### WHAT IS BEING ASKED
Output the full set of records exactly.
------ LISTED RECORDS
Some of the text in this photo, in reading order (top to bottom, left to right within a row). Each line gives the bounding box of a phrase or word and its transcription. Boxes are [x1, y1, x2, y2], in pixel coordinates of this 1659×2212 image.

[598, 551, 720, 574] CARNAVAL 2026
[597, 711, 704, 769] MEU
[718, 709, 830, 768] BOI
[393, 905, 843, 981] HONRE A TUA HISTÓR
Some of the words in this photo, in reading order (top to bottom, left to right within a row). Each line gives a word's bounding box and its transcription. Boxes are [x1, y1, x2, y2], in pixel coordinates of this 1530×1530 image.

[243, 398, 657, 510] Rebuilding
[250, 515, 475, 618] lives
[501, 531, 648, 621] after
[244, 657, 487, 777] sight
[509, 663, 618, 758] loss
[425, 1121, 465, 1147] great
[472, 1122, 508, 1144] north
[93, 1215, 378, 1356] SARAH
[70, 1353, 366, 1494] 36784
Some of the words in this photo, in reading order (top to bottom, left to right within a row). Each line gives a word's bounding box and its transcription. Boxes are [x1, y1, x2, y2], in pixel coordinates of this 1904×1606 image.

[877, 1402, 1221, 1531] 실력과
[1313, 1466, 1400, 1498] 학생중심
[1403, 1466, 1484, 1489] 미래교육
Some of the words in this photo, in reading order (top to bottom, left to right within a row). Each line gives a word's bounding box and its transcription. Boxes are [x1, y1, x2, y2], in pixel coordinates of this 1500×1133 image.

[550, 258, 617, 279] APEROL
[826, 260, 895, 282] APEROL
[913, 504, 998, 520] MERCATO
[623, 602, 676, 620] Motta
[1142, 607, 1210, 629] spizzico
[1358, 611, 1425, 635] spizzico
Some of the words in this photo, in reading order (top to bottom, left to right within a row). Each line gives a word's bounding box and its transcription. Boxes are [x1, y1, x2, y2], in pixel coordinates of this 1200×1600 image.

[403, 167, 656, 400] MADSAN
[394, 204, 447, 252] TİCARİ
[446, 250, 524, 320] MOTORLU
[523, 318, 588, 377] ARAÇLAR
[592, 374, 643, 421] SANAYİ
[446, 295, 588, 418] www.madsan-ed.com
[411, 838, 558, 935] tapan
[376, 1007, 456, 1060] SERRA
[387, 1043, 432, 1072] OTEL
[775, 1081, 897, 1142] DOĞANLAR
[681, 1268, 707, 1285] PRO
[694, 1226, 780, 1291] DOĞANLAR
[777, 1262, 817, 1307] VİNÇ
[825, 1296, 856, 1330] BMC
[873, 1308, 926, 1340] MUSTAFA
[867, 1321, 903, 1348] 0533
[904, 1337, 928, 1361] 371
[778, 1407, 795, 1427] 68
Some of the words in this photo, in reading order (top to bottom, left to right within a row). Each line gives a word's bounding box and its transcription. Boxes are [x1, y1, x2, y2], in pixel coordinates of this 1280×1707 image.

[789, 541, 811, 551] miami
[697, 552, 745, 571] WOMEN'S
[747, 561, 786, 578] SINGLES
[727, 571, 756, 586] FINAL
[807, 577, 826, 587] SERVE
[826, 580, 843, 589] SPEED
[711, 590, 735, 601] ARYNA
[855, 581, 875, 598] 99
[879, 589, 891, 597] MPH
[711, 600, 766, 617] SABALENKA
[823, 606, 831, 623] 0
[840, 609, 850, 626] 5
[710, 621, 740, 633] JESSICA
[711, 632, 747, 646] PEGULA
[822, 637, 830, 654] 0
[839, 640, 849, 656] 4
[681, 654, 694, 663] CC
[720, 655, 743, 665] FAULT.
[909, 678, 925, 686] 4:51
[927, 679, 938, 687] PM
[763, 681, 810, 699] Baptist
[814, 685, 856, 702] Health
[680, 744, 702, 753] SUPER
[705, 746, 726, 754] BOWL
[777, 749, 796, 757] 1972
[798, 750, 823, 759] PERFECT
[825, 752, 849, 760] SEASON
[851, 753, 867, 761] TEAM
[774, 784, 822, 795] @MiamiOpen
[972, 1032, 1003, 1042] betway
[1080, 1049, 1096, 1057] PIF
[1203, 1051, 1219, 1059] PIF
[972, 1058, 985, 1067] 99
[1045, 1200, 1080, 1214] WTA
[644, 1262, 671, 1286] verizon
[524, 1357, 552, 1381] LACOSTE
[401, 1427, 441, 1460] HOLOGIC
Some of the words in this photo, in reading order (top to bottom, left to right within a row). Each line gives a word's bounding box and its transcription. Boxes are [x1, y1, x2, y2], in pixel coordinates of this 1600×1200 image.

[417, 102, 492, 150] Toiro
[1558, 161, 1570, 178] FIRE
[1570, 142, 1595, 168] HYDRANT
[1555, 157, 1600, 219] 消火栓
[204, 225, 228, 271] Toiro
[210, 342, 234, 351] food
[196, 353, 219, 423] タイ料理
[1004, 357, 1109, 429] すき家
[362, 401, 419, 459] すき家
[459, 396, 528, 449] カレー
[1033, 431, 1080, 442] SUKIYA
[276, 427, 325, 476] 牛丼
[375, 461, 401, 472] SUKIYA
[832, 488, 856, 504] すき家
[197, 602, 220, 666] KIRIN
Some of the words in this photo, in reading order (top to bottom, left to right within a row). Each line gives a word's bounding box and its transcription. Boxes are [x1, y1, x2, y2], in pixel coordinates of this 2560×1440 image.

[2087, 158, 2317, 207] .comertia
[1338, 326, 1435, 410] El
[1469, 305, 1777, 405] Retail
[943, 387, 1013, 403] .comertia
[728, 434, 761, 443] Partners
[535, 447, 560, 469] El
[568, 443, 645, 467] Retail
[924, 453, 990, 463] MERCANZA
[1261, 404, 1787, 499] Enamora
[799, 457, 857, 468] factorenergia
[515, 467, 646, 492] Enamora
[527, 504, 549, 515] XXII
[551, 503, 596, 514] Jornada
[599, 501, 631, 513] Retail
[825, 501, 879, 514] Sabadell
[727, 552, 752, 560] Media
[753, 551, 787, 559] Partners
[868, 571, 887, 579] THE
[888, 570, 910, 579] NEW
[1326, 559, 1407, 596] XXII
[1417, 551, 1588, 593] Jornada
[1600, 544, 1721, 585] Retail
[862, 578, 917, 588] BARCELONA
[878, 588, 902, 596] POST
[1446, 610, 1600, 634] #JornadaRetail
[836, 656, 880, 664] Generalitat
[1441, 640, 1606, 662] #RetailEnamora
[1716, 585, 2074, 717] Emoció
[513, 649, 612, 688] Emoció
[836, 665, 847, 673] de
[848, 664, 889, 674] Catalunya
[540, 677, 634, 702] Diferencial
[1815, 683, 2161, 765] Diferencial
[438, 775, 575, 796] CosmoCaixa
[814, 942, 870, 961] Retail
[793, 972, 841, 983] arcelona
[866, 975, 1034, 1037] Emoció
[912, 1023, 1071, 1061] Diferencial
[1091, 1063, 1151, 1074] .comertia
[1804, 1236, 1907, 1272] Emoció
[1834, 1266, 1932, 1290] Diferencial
------------
### ANSWER BELOW
Some of the text in this photo, in reading order (top to bottom, left to right within a row). Each line gives the bounding box of a phrase or word and its transcription. Boxes are [x1, y1, x2, y2], in pixel coordinates of this 1659×2212 image.

[598, 551, 720, 574] CARNAVAL 2026
[597, 711, 704, 769] MEU
[718, 709, 830, 768] BOI
[393, 905, 843, 981] HONRE A TUA HISTÓR
Some of the words in this photo, in reading order (top to bottom, left to right within a row). Each line gives a word's bounding box and its transcription. Boxes are [x1, y1, x2, y2], in pixel coordinates of this 1530×1530 image.

[243, 398, 657, 510] Rebuilding
[250, 515, 475, 618] lives
[501, 531, 648, 621] after
[244, 657, 487, 777] sight
[509, 663, 618, 758] loss
[425, 1121, 465, 1147] great
[472, 1122, 508, 1144] north
[93, 1215, 378, 1356] SARAH
[70, 1353, 366, 1494] 36784
Some of the words in this photo, in reading order (top to bottom, left to right within a row). Each line gives a word's bounding box and its transcription. Boxes are [x1, y1, x2, y2], in pixel coordinates of this 1904×1606 image.

[877, 1402, 1221, 1531] 실력과
[1313, 1466, 1400, 1498] 학생중심
[1403, 1466, 1484, 1489] 미래교육
Some of the words in this photo, in reading order (top to bottom, left to right within a row). Each line gives a word's bounding box and its transcription. Boxes are [x1, y1, x2, y2], in pixel coordinates of this 1500×1133 image.

[550, 258, 617, 279] APEROL
[826, 260, 895, 282] APEROL
[913, 504, 998, 520] MERCATO
[623, 602, 676, 620] Motta
[1142, 607, 1210, 629] spizzico
[1358, 611, 1425, 635] spizzico
Some of the words in this photo, in reading order (top to bottom, left to right within a row). Each line gives a word's bounding box and its transcription. Boxes are [x1, y1, x2, y2], in pixel coordinates of this 1200×1600 image.

[403, 167, 656, 400] MADSAN
[394, 204, 447, 252] TİCARİ
[446, 250, 524, 320] MOTORLU
[523, 318, 588, 377] ARAÇLAR
[592, 374, 643, 421] SANAYİ
[446, 295, 588, 418] www.madsan-ed.com
[411, 838, 558, 935] tapan
[376, 1007, 456, 1060] SERRA
[387, 1043, 432, 1072] OTEL
[775, 1081, 897, 1142] DOĞANLAR
[681, 1268, 707, 1285] PRO
[694, 1226, 780, 1291] DOĞANLAR
[777, 1262, 817, 1307] VİNÇ
[825, 1296, 856, 1330] BMC
[873, 1308, 926, 1340] MUSTAFA
[867, 1321, 903, 1348] 0533
[904, 1337, 928, 1361] 371
[778, 1407, 795, 1427] 68
Some of the words in this photo, in reading order (top to bottom, left to right within a row). Each line gives a word's bounding box and its transcription. Boxes are [x1, y1, x2, y2], in pixel coordinates of this 1280×1707 image.

[789, 541, 811, 551] miami
[697, 552, 745, 571] WOMEN'S
[747, 561, 786, 578] SINGLES
[727, 571, 756, 586] FINAL
[807, 577, 826, 587] SERVE
[826, 580, 843, 589] SPEED
[711, 590, 735, 601] ARYNA
[855, 581, 875, 598] 99
[879, 589, 891, 597] MPH
[711, 600, 766, 617] SABALENKA
[823, 606, 831, 623] 0
[840, 609, 850, 626] 5
[710, 621, 740, 633] JESSICA
[711, 632, 747, 646] PEGULA
[822, 637, 830, 654] 0
[839, 640, 849, 656] 4
[681, 654, 694, 663] CC
[720, 655, 743, 665] FAULT.
[909, 678, 925, 686] 4:51
[927, 679, 938, 687] PM
[763, 681, 810, 699] Baptist
[814, 685, 856, 702] Health
[680, 744, 702, 753] SUPER
[705, 746, 726, 754] BOWL
[777, 749, 796, 757] 1972
[798, 750, 823, 759] PERFECT
[825, 752, 849, 760] SEASON
[851, 753, 867, 761] TEAM
[774, 784, 822, 795] @MiamiOpen
[972, 1032, 1003, 1042] betway
[1080, 1049, 1096, 1057] PIF
[1203, 1051, 1219, 1059] PIF
[972, 1058, 985, 1067] 99
[1045, 1200, 1080, 1214] WTA
[644, 1262, 671, 1286] verizon
[524, 1357, 552, 1381] LACOSTE
[401, 1427, 441, 1460] HOLOGIC
Some of the words in this photo, in reading order (top to bottom, left to right within a row). Each line gives a word's bounding box and its transcription. Boxes are [x1, y1, x2, y2], in pixel coordinates of this 1600×1200 image.

[417, 102, 492, 150] Toiro
[1558, 161, 1570, 178] FIRE
[1570, 142, 1595, 168] HYDRANT
[1555, 157, 1600, 219] 消火栓
[204, 225, 228, 271] Toiro
[210, 342, 234, 351] food
[196, 353, 219, 423] タイ料理
[1004, 357, 1109, 429] すき家
[362, 401, 419, 459] すき家
[459, 396, 528, 449] カレー
[1033, 431, 1080, 442] SUKIYA
[276, 427, 325, 476] 牛丼
[375, 461, 401, 472] SUKIYA
[832, 488, 856, 504] すき家
[197, 602, 220, 666] KIRIN
Some of the words in this photo, in reading order (top to bottom, left to right within a row). Each line gives a word's bounding box and its transcription. Boxes are [x1, y1, x2, y2], in pixel coordinates of this 2560×1440 image.

[2087, 158, 2317, 207] .comertia
[1338, 326, 1435, 410] El
[1469, 305, 1777, 405] Retail
[943, 387, 1013, 403] .comertia
[728, 434, 761, 443] Partners
[535, 447, 560, 469] El
[568, 443, 645, 467] Retail
[924, 453, 990, 463] MERCANZA
[1261, 404, 1787, 499] Enamora
[799, 457, 857, 468] factorenergia
[515, 467, 646, 492] Enamora
[527, 504, 549, 515] XXII
[551, 503, 596, 514] Jornada
[599, 501, 631, 513] Retail
[825, 501, 879, 514] Sabadell
[727, 552, 752, 560] Media
[753, 551, 787, 559] Partners
[868, 571, 887, 579] THE
[888, 570, 910, 579] NEW
[1326, 559, 1407, 596] XXII
[1417, 551, 1588, 593] Jornada
[1600, 544, 1721, 585] Retail
[862, 578, 917, 588] BARCELONA
[878, 588, 902, 596] POST
[1446, 610, 1600, 634] #JornadaRetail
[836, 656, 880, 664] Generalitat
[1441, 640, 1606, 662] #RetailEnamora
[1716, 585, 2074, 717] Emoció
[513, 649, 612, 688] Emoció
[836, 665, 847, 673] de
[848, 664, 889, 674] Catalunya
[540, 677, 634, 702] Diferencial
[1815, 683, 2161, 765] Diferencial
[438, 775, 575, 796] CosmoCaixa
[814, 942, 870, 961] Retail
[793, 972, 841, 983] arcelona
[866, 975, 1034, 1037] Emoció
[912, 1023, 1071, 1061] Diferencial
[1091, 1063, 1151, 1074] .comertia
[1804, 1236, 1907, 1272] Emoció
[1834, 1266, 1932, 1290] Diferencial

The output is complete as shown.